Internazionalmente conosciuta come «Bulgarian Connection», l'indagine su un coinvolgimento dei servizi bulgari decolla il 28 ottobre 1982 quando Alì Agca fa il nome di un certo Sotir Kolev, a suo dire incontrato a Sofia nel luglio 1980, e additato come suo complice in piazza S. Pietro

Alì Agca

La pista più battuta? Un depistaggio. D’autore. Tra le poche certezze sull’attentato al Papa c’è il bluff della cosiddetta «pista bulgara». Tenne banco per cinque anni. Dal novembre 1982 al 19 dicembre 1987, quando la Corte di Appello del Tribunale di Roma confermò l’assoluzione di tre cittadini bulgari accusati da Alì Agca di essere stati suoi complici nel tentato assassinio di Giovanni Paolo II. Un verdetto già espresso in Corte di Assise (29 marzo 1986), ma con una motivazione – insufficienza di prove – che lasciò perplessi molti osservatori e in sospeso altrettanti interrogativi sulla regia che armò la mano del killer turco. Che volto aveva? Perché voleva eliminare il Pontefice? Come mai si avvalse proprio di Agca e di un piano così plateale? E che c’entrava la Bulgaria? Come si arrivò a quei tre uomini?
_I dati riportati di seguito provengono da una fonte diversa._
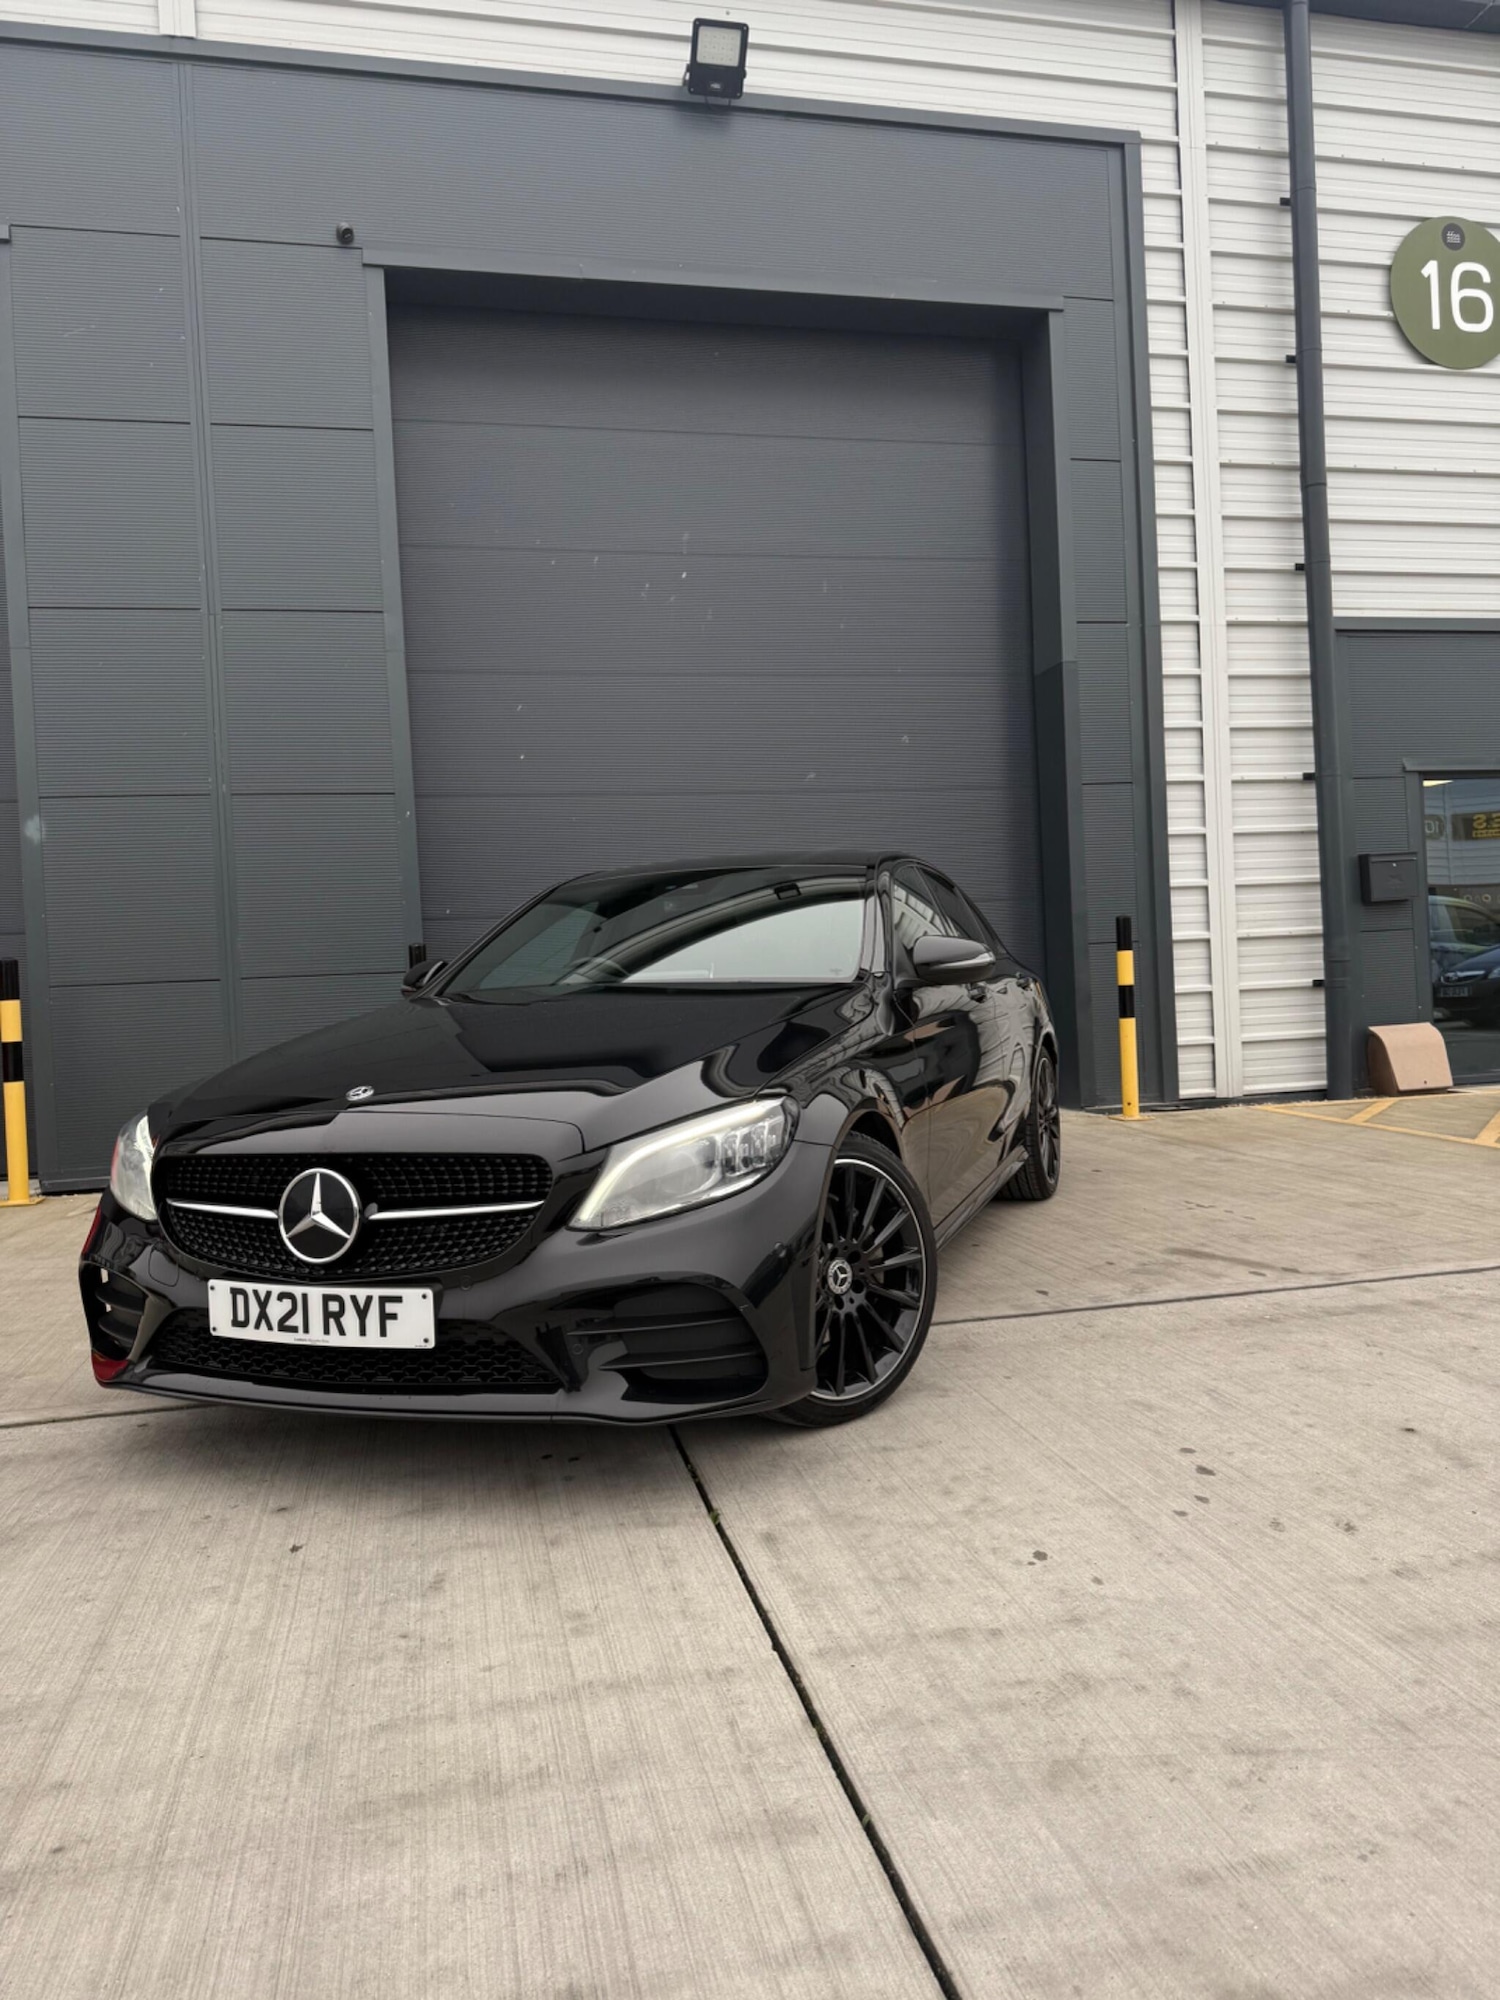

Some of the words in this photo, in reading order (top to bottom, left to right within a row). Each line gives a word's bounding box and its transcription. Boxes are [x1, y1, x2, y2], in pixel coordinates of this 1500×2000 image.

[1420, 260, 1494, 333] 16
[229, 1286, 310, 1334] DX21
[322, 1293, 403, 1338] RYF
UN ALBUM FOTOGRAFICO CON CINQUANTASEI FOTO DI CITTADINI BULGARI RESIDENTI IN ITALIA DAL 1977

Sergej Antonov

La «pista bulgara», internazionalmente conosciuta come «Bulgarian Connection», decolla il 28 ottobre 1982 quando Alì Agca, al giudice istruttore Ilario Martella, titolare dell’inchiesta sul tentato omicidio del Santo Padre, menziona il primo bulgaro che sarebbe stato suo complice, un certo Sotir Kolev che avrebbe incontrato a Sofia nel luglio 1980 e che addita come il suo complice in piazza S. Pietro. Cioè l’uomo armato che scappa dopo gli spari, ritratto di spalle dal fotografo statunitense Lowell Newton. Fino ad allora, nella sua criptica collaborazione iniziata il precedente 3 maggio, il turco si era limitato a dire che dietro l’attentato c’erano la Federazione degli Idealisti Turchi e i servizi segreti bulgari, i quali lo avrebbero ricompensato con tre milioni e mezzo di marchi tedeschi e l’assicurazione dell’asilo politico nella città di Varna per alcuni esponenti anatolici in esilio.
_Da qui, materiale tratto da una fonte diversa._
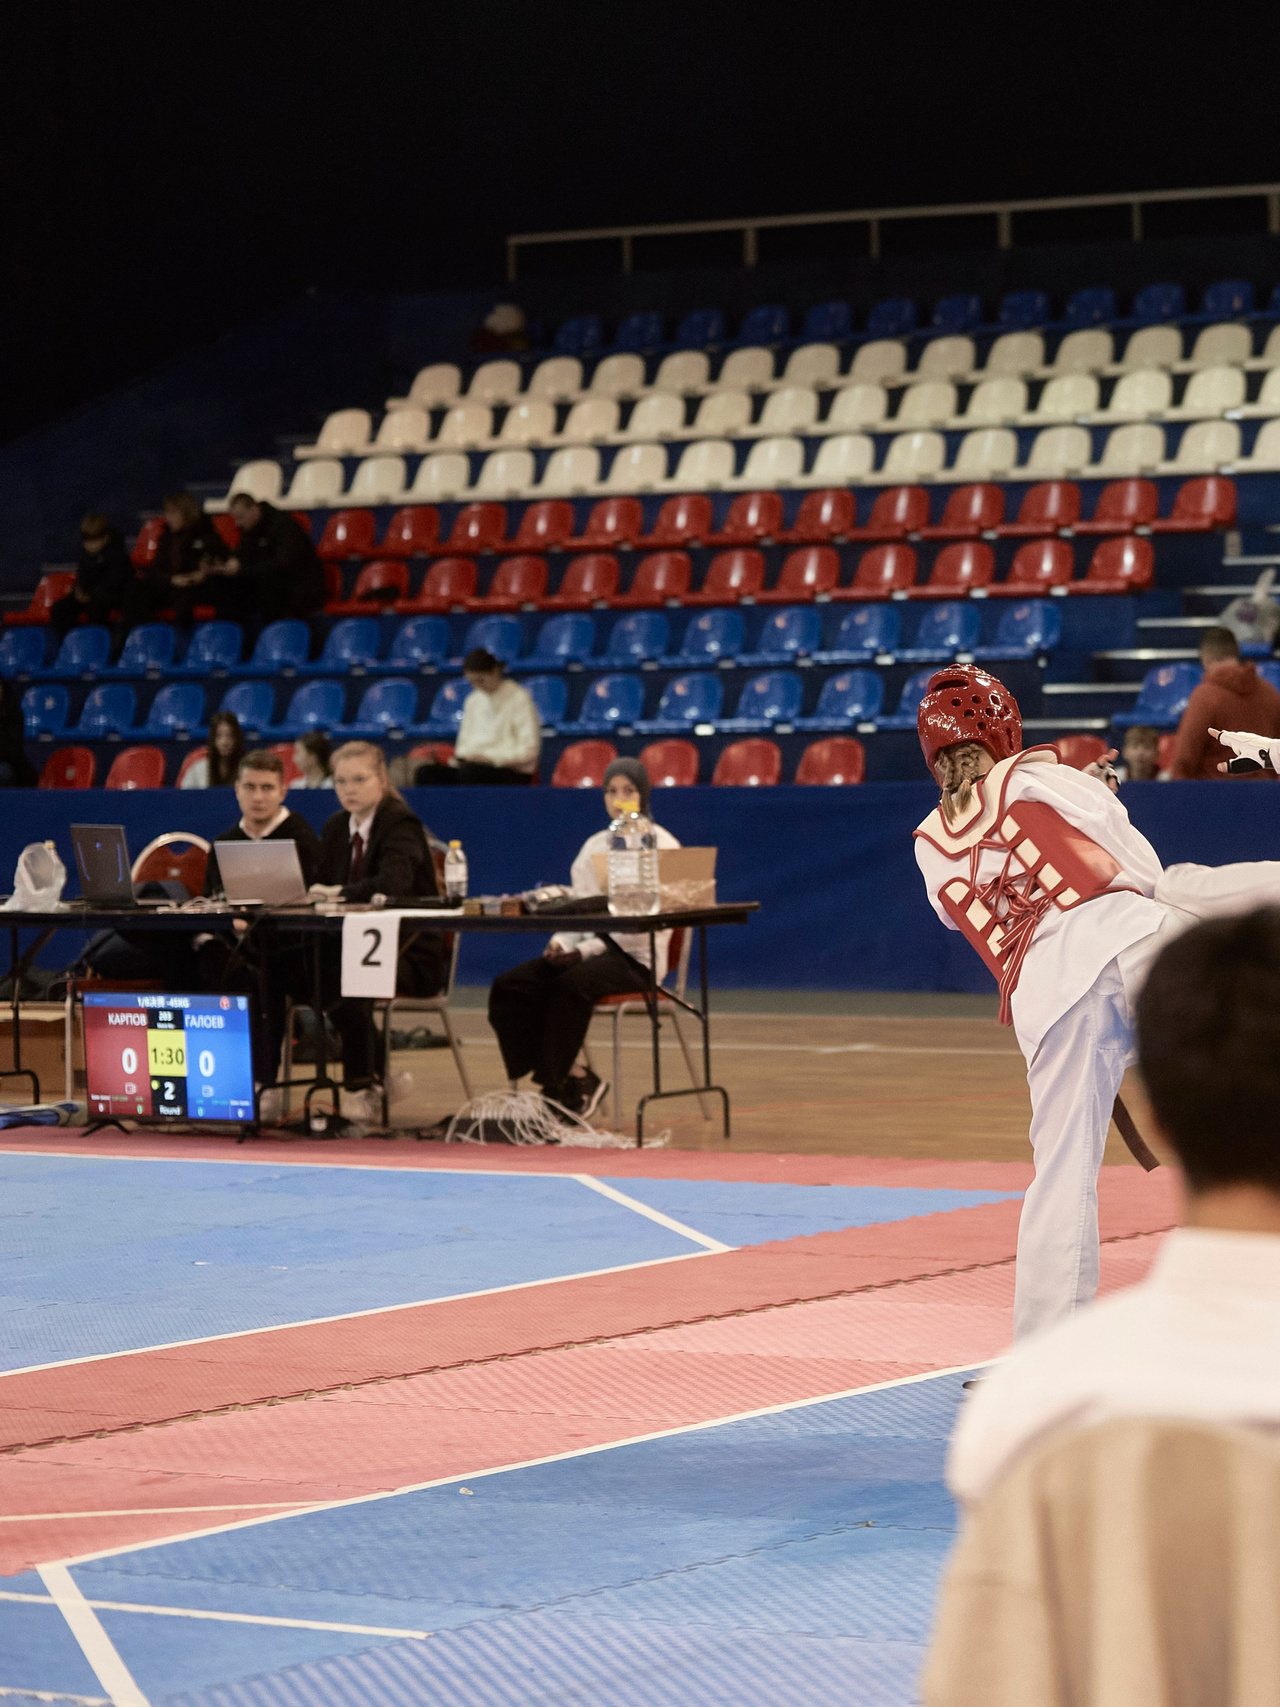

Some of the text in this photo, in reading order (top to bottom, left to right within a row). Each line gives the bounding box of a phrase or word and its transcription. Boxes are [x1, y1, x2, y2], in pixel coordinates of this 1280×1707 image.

[361, 928, 382, 967] 2
[108, 1012, 147, 1027] КАРПОВ
[184, 1015, 224, 1028] ГАЛОЕВ
[122, 1048, 137, 1074] 0
[152, 1048, 184, 1065] 1:30
[199, 1050, 214, 1077] 0
[163, 1081, 175, 1100] 2
[159, 1105, 181, 1116] Round
Trascorrono pochi giorni e i balcanici coinvolti salgono a tre. L’8 novembre Agca indica agli inquirenti i loro volti in un album fotografico predisposto dal SISMI (l’allora nostro servizio segreto militare) contenente cinquantasei ritratti di cittadini bulgari residenti in Italia dal 1977. Le loro identità sono coperte, ma lui riconosce un tale Bayramic, il signor Sotir Petrov e il già citato Sotir Kolev. Ma sono tutti nomi di fantasia. Perché i diretti interessati si chiamano, rispettivamente, Sergej Antonov, Jelio Vassilev e Todor Ayvazov. Il primo lavora come caposcalo alla Balkan Air, la compagnia aerea bulgara; il secondo aveva svolto la mansione di segretario dell’addetto militare dell’ambasciata bulgara a Roma dove, come capoufficio della contabilità, era impiegato anche il terzo.
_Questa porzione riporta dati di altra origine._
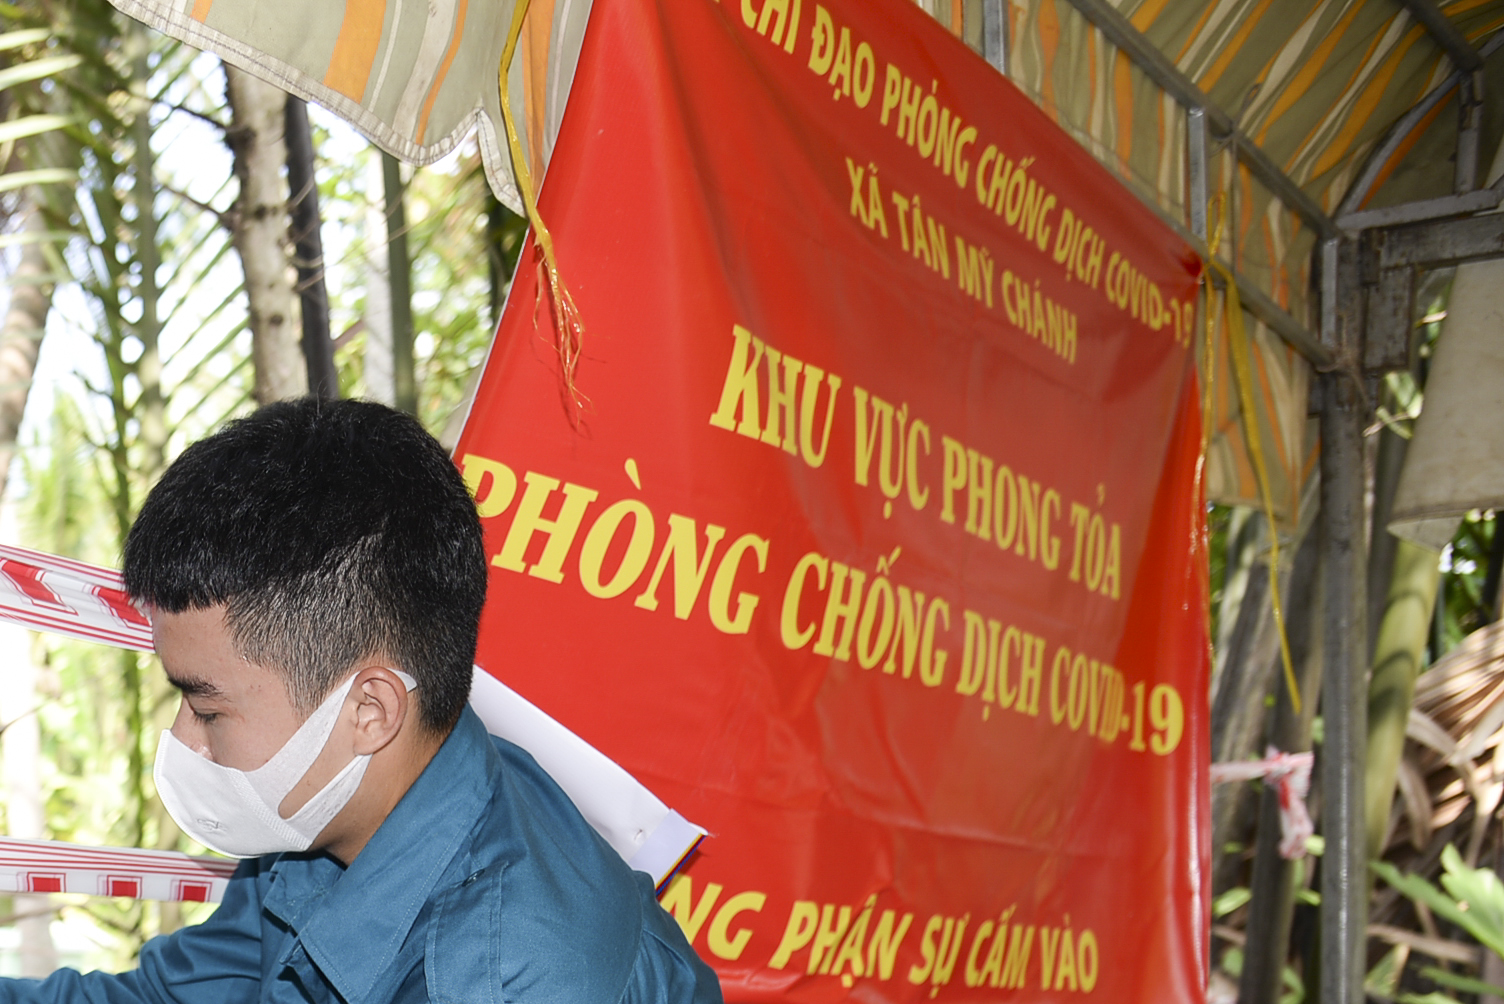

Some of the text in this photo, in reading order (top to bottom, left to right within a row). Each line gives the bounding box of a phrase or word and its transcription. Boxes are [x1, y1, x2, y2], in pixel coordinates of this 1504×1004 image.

[808, 4, 876, 108] ĐẠO
[976, 145, 1058, 251] CHỐNG
[1053, 208, 1106, 289] DỊCH
[892, 190, 950, 279] TÂN
[1001, 270, 1078, 364] CHÁNH
[709, 324, 842, 468] KHU
[854, 386, 932, 519] VỰC
[939, 436, 1063, 571] PHONG
[460, 453, 1185, 756] PHÒNG CHỐNG DỊCH COVID-19
[908, 911, 970, 998] SỰ
[1040, 911, 1099, 993] VÀO
Il 24 novembre il giudice Martella spicca i mandati di cattura nei loro confronti. Ma soltanto Antonov è tratto in arresto. Perché Vassilev dopo tre anni di servizio, il 27 agosto, era rientrato definitivamente in Bulgaria per un avvicendamento di routine: «È un periodo di normale durata per un funzionario d’ambasciata», dice alla stampa il 16 dicembre. Ayvazov, invece, si trova in patria dall’inizio del mese per relazionare il Ministro degli Esteri: sarebbe ritornato a Roma il 26 novembre, proprio quando a Sofia apprendono del provvedimento nei suoi confronti. Al che lo trattengono a terra. Il governo vuole che la vicenda sia chiarita. C’è fiducia nella magistratura italiana e la convinzione che si tratti soltanto di un grosso equivoco di breve durata. Ma non sarà così.

LA «RICOSTRUZIONE» DEGNA DI UN ROMANZO DI SPIONAGGIO

Un’Alfa 2000, lo stesso modello citato da Agca per la «fuga»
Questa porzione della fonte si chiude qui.